Hydrocodone is the main ingredient in several very common prescription pain killers. Vicodin being the most well knows. Like most prescription medications, abruptly stopping the use of hydrocodone can cause hydrocodone detox or withdrawal symptoms. These may include:
- Mood swings
- Muscle aches
- Runny nose
- Drug cravings
In most cases, symptoms can last up to 7 days. Medical detox, combined with medications and therapy, can reduce recovery time and the risk of relapse.
According to Consumer Reports, hydrocodone type products are the most commonly prescribed medication in America. Because they have the risk of addiction and a high incidence of abuse, hydrocodone has been moved to the Schedule II Drug Enforcement Administration classification. This means the medication is more tightly controlled. The FDA requested this change in 2013 after a scientific review.
A report by the National Institute on Drug Use (NIDA) reported that prescriptions for opioid painkillers had gone up to 207 million in the U.S. in 2013. It is also reported that Americans consume almost 100% of the world’s hydrocodone. According to the ASAM (American Society of Addiction Medicine) almost 2 million Americans are thought to be addicted to or dependent on prescription drugs, or are abusing opioid medications.
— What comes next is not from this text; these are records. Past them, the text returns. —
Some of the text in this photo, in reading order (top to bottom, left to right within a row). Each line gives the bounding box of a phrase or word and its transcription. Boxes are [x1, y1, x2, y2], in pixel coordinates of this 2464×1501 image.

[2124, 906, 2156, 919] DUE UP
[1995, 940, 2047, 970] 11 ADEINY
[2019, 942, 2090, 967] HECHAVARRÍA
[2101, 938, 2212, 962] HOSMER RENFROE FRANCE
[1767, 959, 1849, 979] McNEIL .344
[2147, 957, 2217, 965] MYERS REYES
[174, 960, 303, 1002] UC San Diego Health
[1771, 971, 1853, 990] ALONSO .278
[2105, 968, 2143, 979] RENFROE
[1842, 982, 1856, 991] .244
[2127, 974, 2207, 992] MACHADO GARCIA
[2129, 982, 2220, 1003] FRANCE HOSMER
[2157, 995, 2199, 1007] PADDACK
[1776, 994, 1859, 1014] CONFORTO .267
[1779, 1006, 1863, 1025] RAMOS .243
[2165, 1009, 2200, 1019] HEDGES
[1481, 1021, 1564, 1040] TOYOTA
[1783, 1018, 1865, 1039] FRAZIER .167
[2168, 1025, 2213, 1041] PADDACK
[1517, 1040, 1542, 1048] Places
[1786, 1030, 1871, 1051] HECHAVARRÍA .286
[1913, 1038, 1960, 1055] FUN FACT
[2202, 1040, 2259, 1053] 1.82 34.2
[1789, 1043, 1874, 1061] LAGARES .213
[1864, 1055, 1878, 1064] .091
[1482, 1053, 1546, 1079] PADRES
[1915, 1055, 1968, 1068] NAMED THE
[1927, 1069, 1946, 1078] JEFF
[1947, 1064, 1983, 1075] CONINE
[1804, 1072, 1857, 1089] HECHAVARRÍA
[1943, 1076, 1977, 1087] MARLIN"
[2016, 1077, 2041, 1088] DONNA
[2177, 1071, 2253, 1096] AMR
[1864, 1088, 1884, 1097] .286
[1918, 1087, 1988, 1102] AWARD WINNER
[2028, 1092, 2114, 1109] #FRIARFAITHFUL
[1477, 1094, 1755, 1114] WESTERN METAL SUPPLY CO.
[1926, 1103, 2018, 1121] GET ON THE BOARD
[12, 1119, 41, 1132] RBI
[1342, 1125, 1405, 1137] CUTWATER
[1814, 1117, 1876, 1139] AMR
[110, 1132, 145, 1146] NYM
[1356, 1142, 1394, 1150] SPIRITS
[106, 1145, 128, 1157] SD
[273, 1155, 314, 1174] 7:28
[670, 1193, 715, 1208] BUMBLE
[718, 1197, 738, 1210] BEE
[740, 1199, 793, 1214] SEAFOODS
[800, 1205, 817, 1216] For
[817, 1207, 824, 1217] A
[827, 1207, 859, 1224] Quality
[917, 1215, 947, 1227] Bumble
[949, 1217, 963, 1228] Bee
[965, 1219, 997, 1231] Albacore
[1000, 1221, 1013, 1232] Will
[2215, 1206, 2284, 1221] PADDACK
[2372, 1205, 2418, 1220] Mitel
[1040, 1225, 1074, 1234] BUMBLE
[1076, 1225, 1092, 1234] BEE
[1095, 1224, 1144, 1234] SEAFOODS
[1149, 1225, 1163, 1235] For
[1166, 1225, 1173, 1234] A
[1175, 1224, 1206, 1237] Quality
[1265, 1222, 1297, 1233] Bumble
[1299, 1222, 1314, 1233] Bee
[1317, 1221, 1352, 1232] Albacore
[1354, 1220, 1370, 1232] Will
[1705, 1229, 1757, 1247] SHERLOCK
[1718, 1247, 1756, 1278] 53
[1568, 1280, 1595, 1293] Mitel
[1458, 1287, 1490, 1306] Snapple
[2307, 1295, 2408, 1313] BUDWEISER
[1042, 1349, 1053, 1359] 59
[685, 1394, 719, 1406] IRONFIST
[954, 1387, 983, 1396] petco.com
These medications are prescribed to those in chronic or extreme pain. However, they can also alter mood and make a patient feel happy or euphoric. This is caused by the increase in dopamine in the brain. The brain can become tolerant to the amount of hydrocodone taken over a period of time. When this happens, more of the drug is needed to feel the effects. This may increase the brain’s dependency and this is when an addiction can form. Once a person stops taking the medication and if they have become dependent on it, the onset of withdrawal symptoms will occur.